Items from a data source
++++++

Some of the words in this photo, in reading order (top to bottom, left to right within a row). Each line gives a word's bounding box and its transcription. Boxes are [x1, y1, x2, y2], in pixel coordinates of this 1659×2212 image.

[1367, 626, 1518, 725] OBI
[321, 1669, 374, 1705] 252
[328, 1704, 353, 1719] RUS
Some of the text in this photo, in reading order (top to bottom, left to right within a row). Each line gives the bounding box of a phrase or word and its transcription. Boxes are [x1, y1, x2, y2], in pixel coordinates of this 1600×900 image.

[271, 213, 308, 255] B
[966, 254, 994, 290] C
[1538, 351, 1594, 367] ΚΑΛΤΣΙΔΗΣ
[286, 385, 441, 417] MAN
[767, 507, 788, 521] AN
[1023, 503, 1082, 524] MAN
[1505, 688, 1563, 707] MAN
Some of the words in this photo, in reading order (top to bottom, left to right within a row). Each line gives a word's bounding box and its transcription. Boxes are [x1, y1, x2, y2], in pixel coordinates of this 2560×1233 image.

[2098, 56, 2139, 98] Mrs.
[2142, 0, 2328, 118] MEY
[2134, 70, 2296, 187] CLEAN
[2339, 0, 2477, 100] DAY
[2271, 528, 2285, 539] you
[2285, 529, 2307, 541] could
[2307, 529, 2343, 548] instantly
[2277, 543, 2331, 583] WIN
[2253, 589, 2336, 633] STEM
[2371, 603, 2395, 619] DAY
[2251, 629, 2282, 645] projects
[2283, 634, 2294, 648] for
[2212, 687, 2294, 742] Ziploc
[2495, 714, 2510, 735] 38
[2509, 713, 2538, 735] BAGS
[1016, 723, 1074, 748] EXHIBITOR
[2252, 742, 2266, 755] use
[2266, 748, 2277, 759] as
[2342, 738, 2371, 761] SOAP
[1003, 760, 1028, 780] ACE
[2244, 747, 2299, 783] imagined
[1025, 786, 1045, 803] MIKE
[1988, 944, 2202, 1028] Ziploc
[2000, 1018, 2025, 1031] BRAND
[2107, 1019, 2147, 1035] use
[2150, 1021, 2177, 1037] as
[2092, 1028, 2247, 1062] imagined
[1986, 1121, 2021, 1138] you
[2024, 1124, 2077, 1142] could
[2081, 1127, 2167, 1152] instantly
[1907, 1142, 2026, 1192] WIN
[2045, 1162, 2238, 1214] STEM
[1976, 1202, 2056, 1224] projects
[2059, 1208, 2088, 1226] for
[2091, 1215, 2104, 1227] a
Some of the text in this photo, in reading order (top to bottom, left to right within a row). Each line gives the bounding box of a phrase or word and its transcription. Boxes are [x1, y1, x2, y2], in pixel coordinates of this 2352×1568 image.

++++++

### Task objective
Every word of the data above should be given again, exactly as it stands.

### Answer to this task
Some of the words in this photo, in reading order (top to bottom, left to right within a row). Each line gives a word's bounding box and its transcription. Boxes are [x1, y1, x2, y2], in pixel coordinates of this 1659×2212 image.

[1367, 626, 1518, 725] OBI
[321, 1669, 374, 1705] 252
[328, 1704, 353, 1719] RUS
Some of the text in this photo, in reading order (top to bottom, left to right within a row). Each line gives the bounding box of a phrase or word and its transcription. Boxes are [x1, y1, x2, y2], in pixel coordinates of this 1600×900 image.

[271, 213, 308, 255] B
[966, 254, 994, 290] C
[1538, 351, 1594, 367] ΚΑΛΤΣΙΔΗΣ
[286, 385, 441, 417] MAN
[767, 507, 788, 521] AN
[1023, 503, 1082, 524] MAN
[1505, 688, 1563, 707] MAN
Some of the words in this photo, in reading order (top to bottom, left to right within a row). Each line gives a word's bounding box and its transcription. Boxes are [x1, y1, x2, y2], in pixel coordinates of this 2560×1233 image.

[2098, 56, 2139, 98] Mrs.
[2142, 0, 2328, 118] MEY
[2134, 70, 2296, 187] CLEAN
[2339, 0, 2477, 100] DAY
[2271, 528, 2285, 539] you
[2285, 529, 2307, 541] could
[2307, 529, 2343, 548] instantly
[2277, 543, 2331, 583] WIN
[2253, 589, 2336, 633] STEM
[2371, 603, 2395, 619] DAY
[2251, 629, 2282, 645] projects
[2283, 634, 2294, 648] for
[2212, 687, 2294, 742] Ziploc
[2495, 714, 2510, 735] 38
[2509, 713, 2538, 735] BAGS
[1016, 723, 1074, 748] EXHIBITOR
[2252, 742, 2266, 755] use
[2266, 748, 2277, 759] as
[2342, 738, 2371, 761] SOAP
[1003, 760, 1028, 780] ACE
[2244, 747, 2299, 783] imagined
[1025, 786, 1045, 803] MIKE
[1988, 944, 2202, 1028] Ziploc
[2000, 1018, 2025, 1031] BRAND
[2107, 1019, 2147, 1035] use
[2150, 1021, 2177, 1037] as
[2092, 1028, 2247, 1062] imagined
[1986, 1121, 2021, 1138] you
[2024, 1124, 2077, 1142] could
[2081, 1127, 2167, 1152] instantly
[1907, 1142, 2026, 1192] WIN
[2045, 1162, 2238, 1214] STEM
[1976, 1202, 2056, 1224] projects
[2059, 1208, 2088, 1226] for
[2091, 1215, 2104, 1227] a
Some of the text in this photo, in reading order (top to bottom, left to right within a row). Each line gives the bounding box of a phrase or word and its transcription. Boxes are [x1, y1, x2, y2], in pixel coordinates of this 2352×1568 image.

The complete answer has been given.